### INSTRUCTIONS FOR THE TASK
Reproduce the entries exactly, but keep the pictures out of the copy.

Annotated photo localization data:
↓↓↓
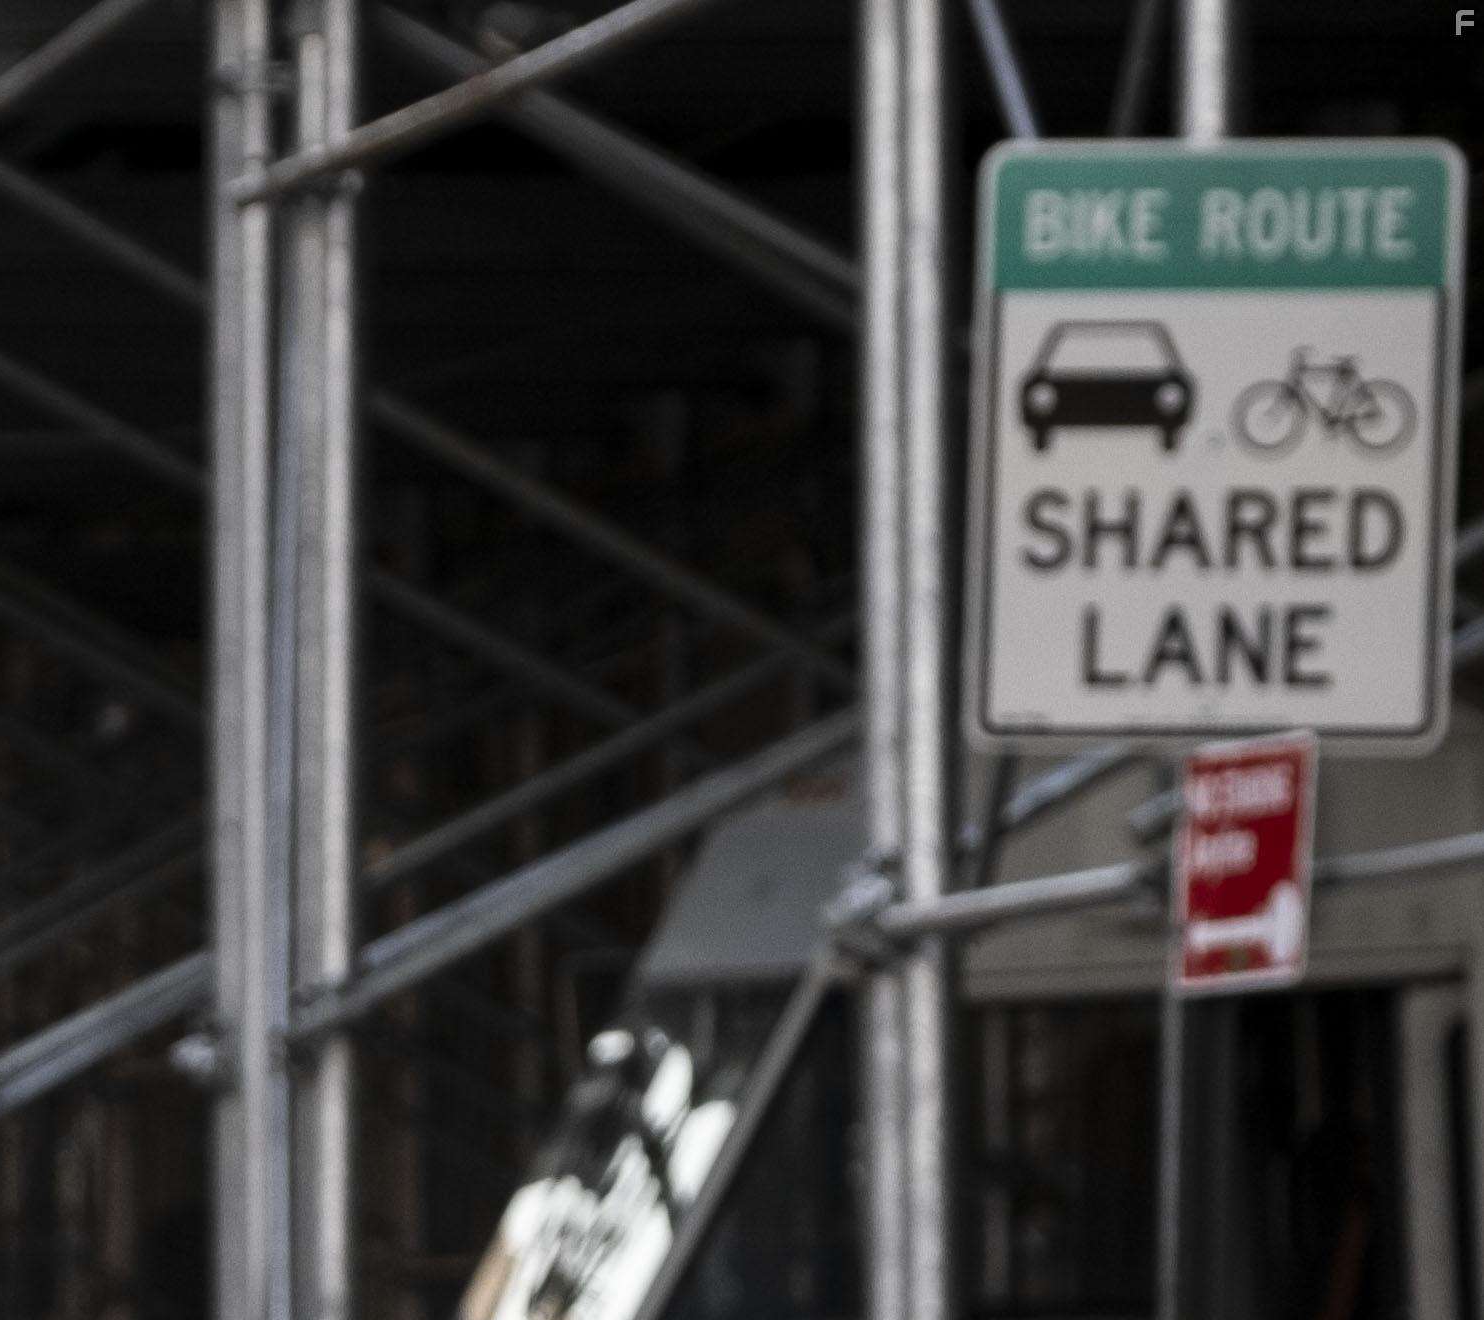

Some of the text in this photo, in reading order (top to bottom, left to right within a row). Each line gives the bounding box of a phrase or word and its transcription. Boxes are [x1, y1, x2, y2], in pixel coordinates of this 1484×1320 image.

[1023, 185, 1415, 260] BIKE ROUTE
[1022, 488, 1405, 574] SHARED
[1084, 604, 1332, 690] LANE
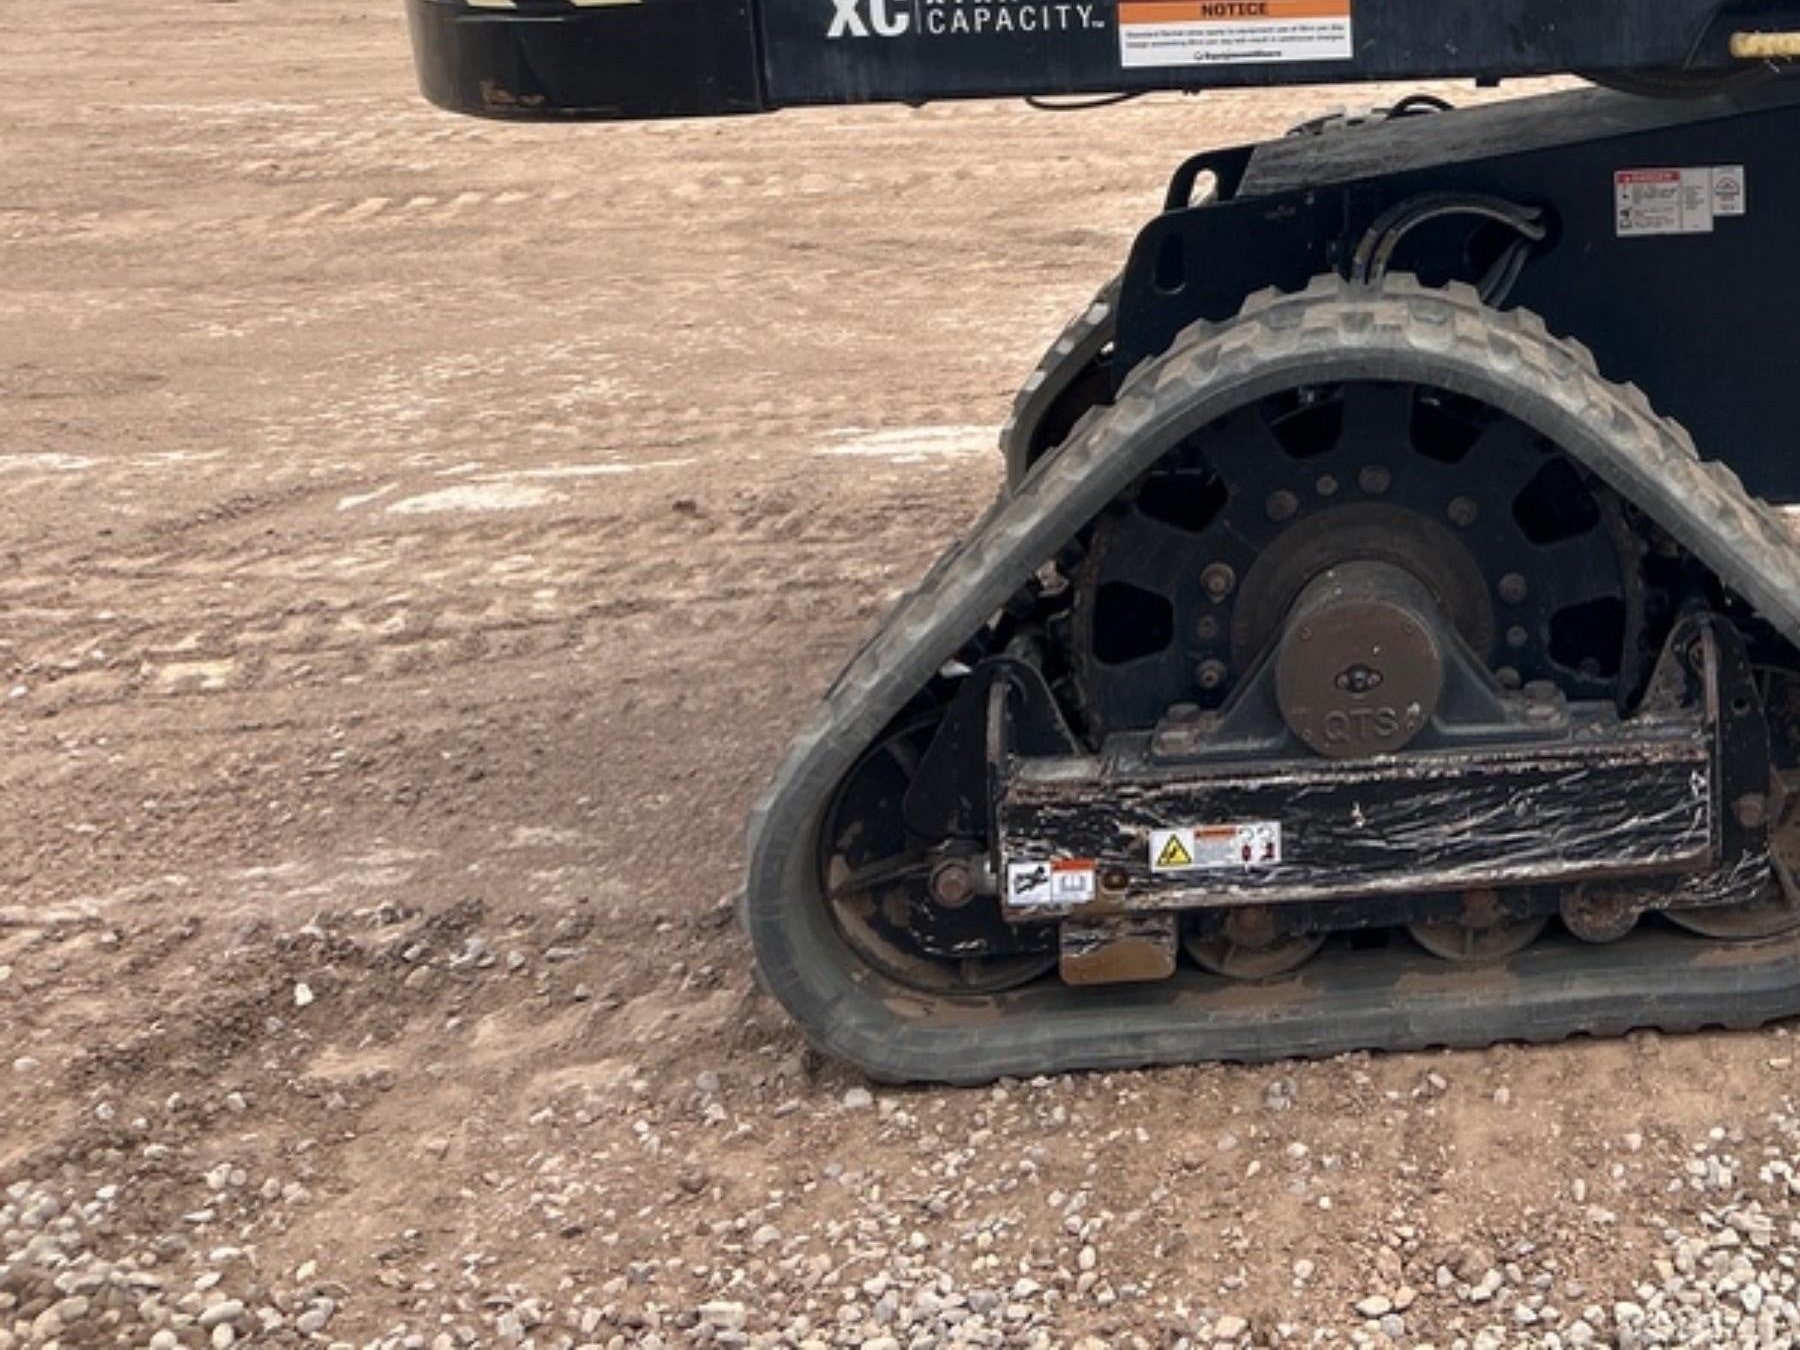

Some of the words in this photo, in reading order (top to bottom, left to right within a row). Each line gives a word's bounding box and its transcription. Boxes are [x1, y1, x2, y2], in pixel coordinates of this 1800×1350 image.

[927, 5, 1094, 35] CAPACITY
[1200, 1, 1269, 18] NOTICE
[1322, 707, 1399, 742] QTS
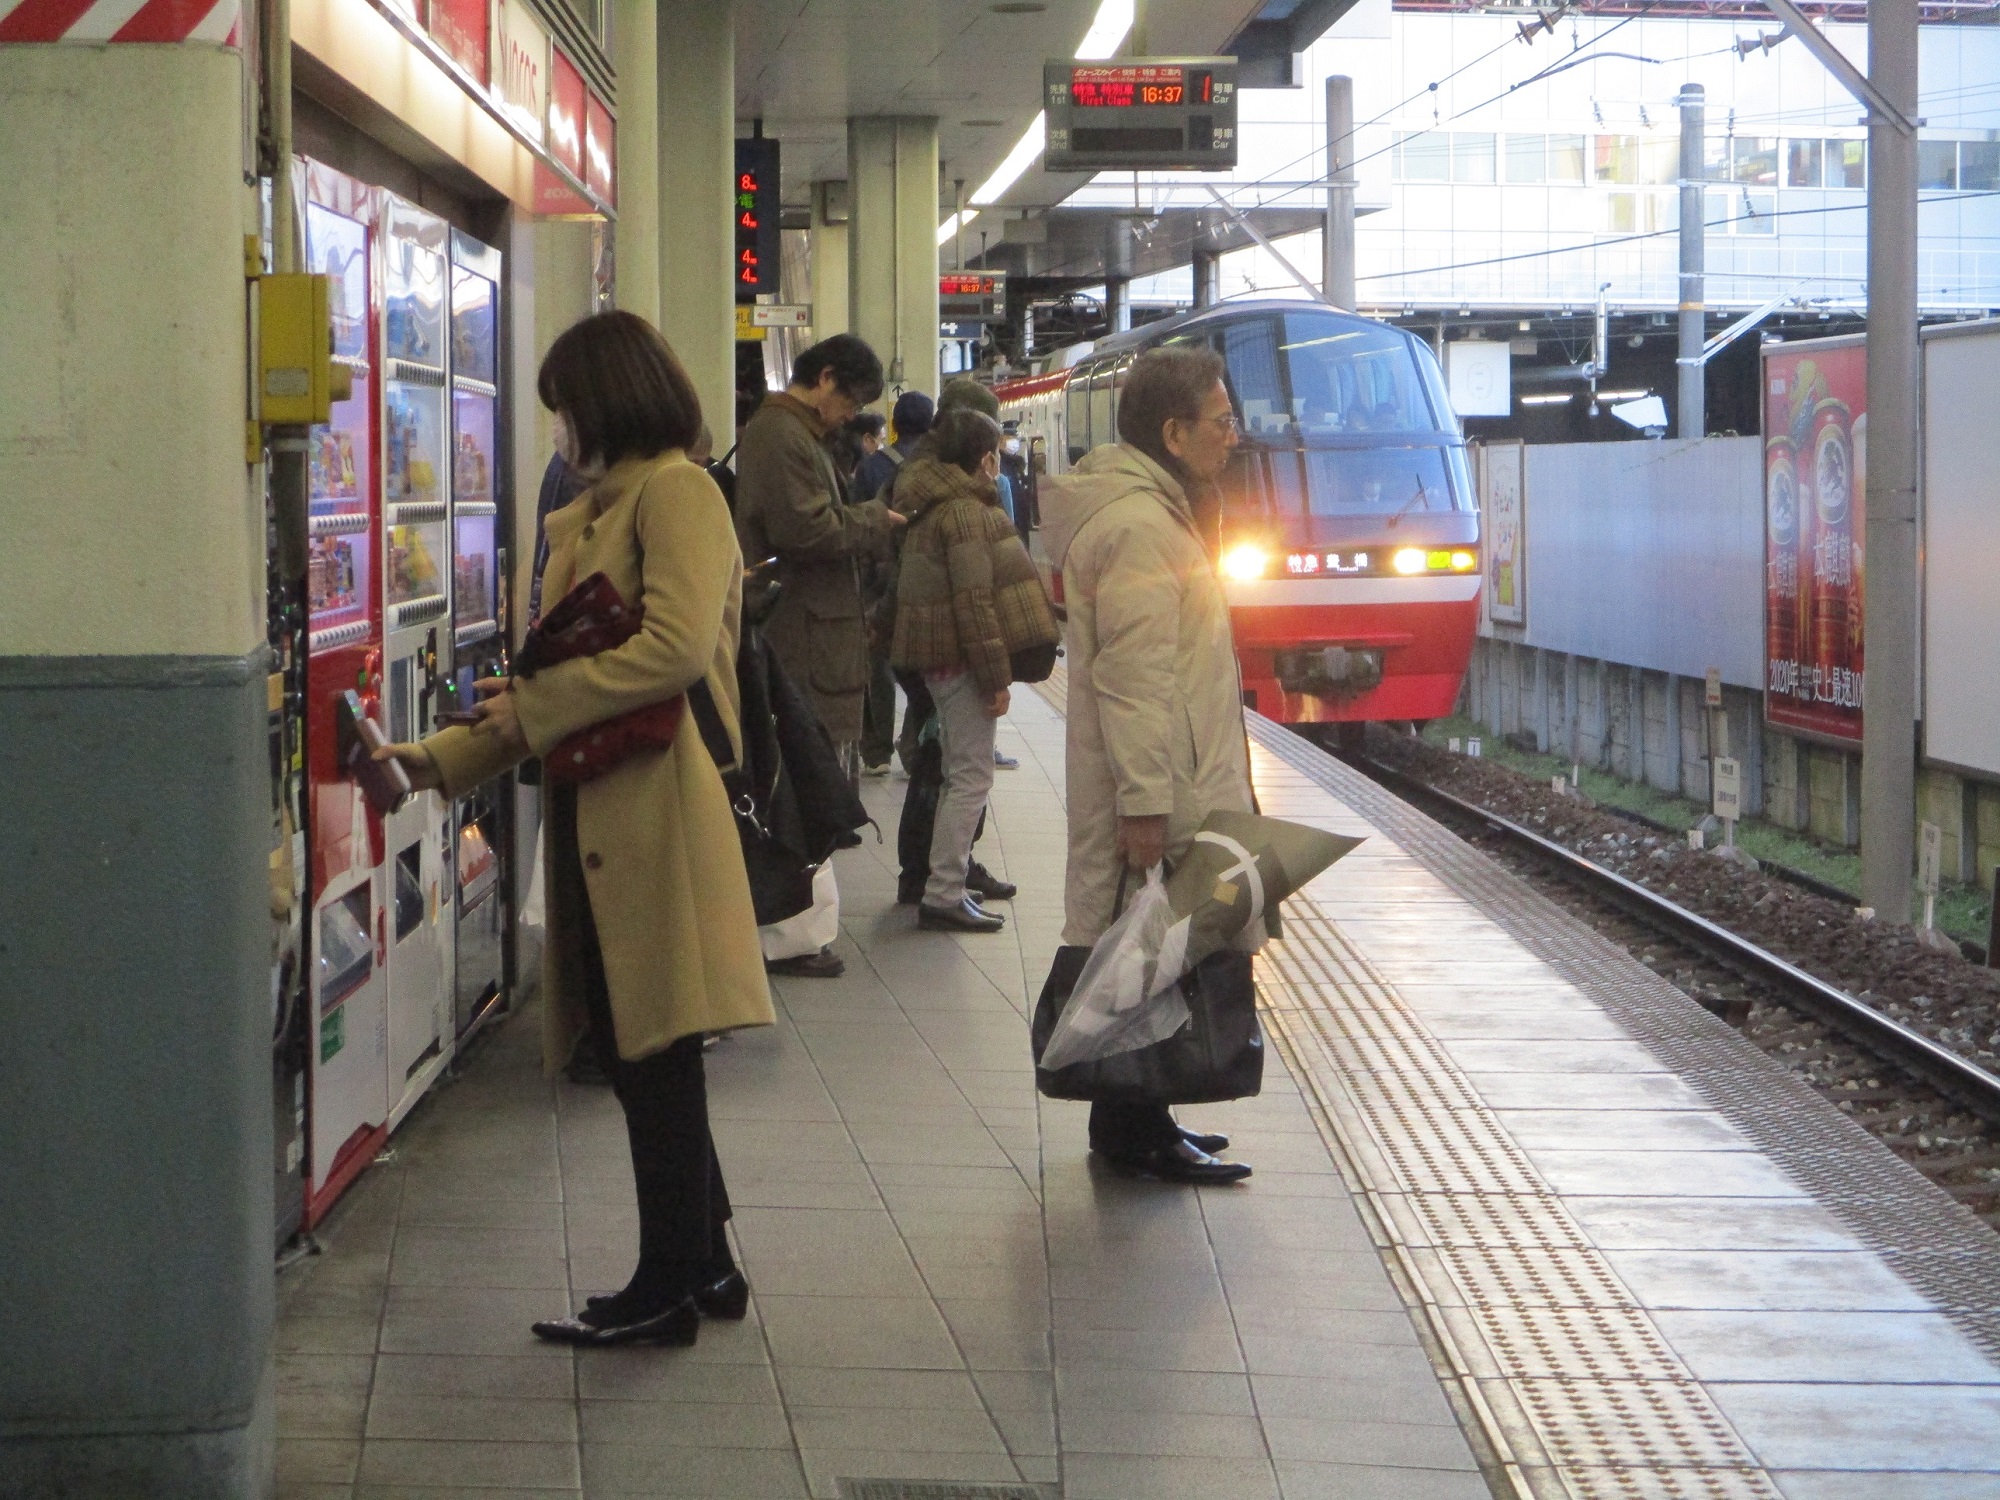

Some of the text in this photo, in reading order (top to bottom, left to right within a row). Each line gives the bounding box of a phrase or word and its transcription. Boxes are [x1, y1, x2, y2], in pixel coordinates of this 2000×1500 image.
↑↑↑
### EXERCISE RESULT
Some of the text in this photo, in reading order (top to bottom, left to right within a row). Each line gives the bounding box of a phrase or word and its transcription. Boxes are [x1, y1, x2, y2], in pixel coordinates of this 1484×1320 image.

[1023, 185, 1415, 260] BIKE ROUTE
[1022, 488, 1405, 574] SHARED
[1084, 604, 1332, 690] LANE

Some of the words in this photo, in reading order (top to bottom, left to right within a row). Each line gives a word's bounding box and its transcription. Boxes are [x1, y1, x2, y2], in pixel coordinates of this 1800×1350 image.

[927, 5, 1094, 35] CAPACITY
[1200, 1, 1269, 18] NOTICE
[1322, 707, 1399, 742] QTS

Some of the text in this photo, in reading order (top to bottom, left to right within a row). Each line gives the bounding box of a phrase or word and its transcription. Boxes are [x1, y1, x2, y2], in pixel coordinates of this 2000×1500 image.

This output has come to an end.